Most reviews words which are captured by AFFIN lexicon are positive since we see the histogram of mean AFFIN score as approximately normal with mean at +2.

4.5 Word Cloud

We can also understand about the most common listing words through a wordcloud as depicted below -

#making a data frame of words and its frequency
cloud <- as.data.frame(listings_words %>% 
                         group_by(word) %>%
                         summarise(no_rows = length(word)))

#building the word cloud
wordcloud(words = cloud$word, freq = cloud$no_rows, min.freq = 5,
          max.words=150, random.order=FALSE, random.color=FALSE, rot.per=0.33, 
          colors=brewer.pal(1, "Dark2"))

5. Summary

The following questions have been attempted:

What are the most common words mentioned in the listing descriptions?

Where are affordable listings located in the city?

Do listing descriptions showcase the same attributes which customers really care about?
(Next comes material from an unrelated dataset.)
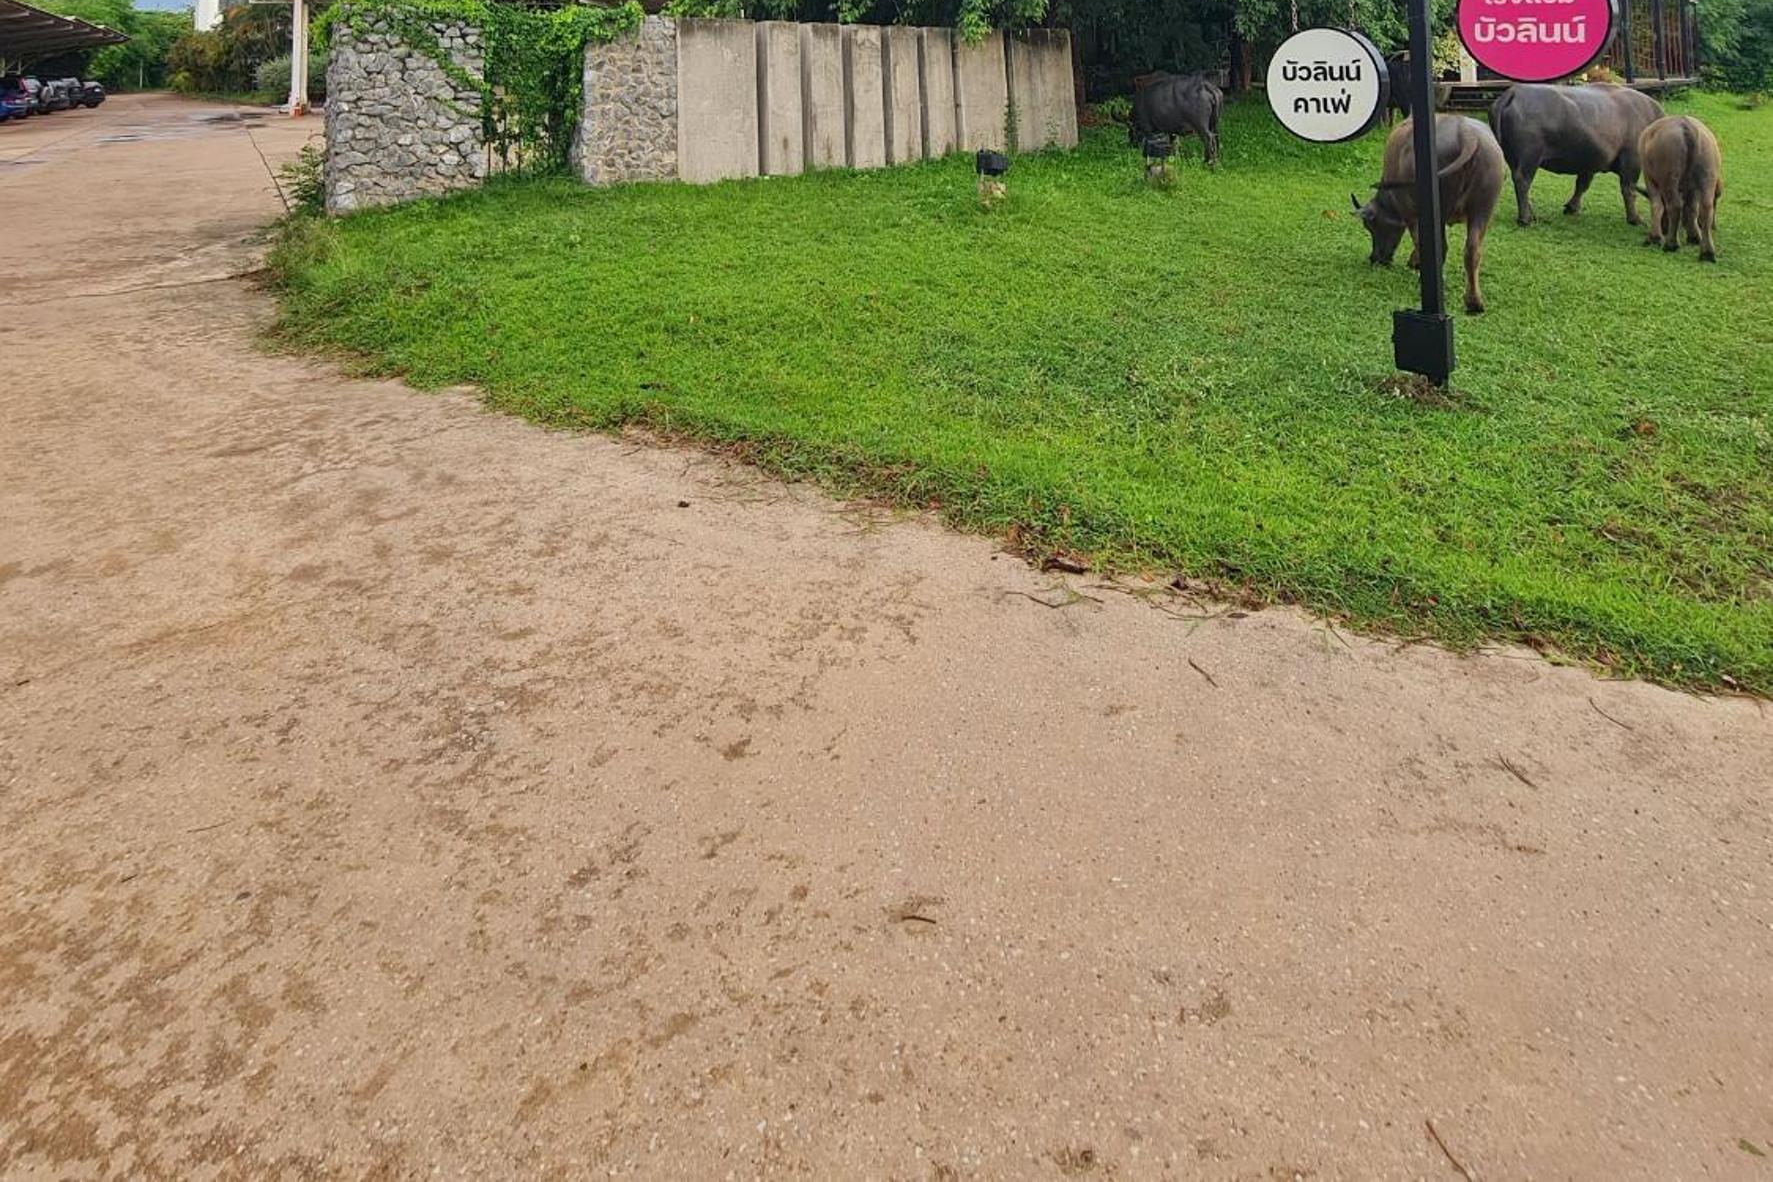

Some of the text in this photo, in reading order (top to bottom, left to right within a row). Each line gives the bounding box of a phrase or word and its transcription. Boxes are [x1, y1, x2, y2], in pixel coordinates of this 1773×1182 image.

How are the listings distributed across neighbourhood?

Implementation summary:

The data was scraped and manipulated accordingly for the analysis. The data was then reviewed graphically and sentiment analysis was done using histograms, word cloud, and horizontal bar charts. Reviews given to super hosts of Airbnb were also analysed. Also, a ggmap function was used to classify the listings of Seattle.

Insights obtained:

  • Top 20 keywords in reviews tell us that comfort, cleanliness, locations, space are some of the important factors which matter to the customers and some of these are rightly advertised in listing descriptions.

  • We observe that, in general, prices of homestays are higher in the center of the city.

  • $100 is the median price of an AirBnB homestay in Seattle.

  • It turns out that superhosts do not gurantee that customers would have the best experinece.

  • Most reviews words which are captured by AFFIN lexicon are positive since we see the histogram of mean AFFIN score as approximately normal with mean at +2.

  • There might be a data quality issue in neighbourhood_cleaned column.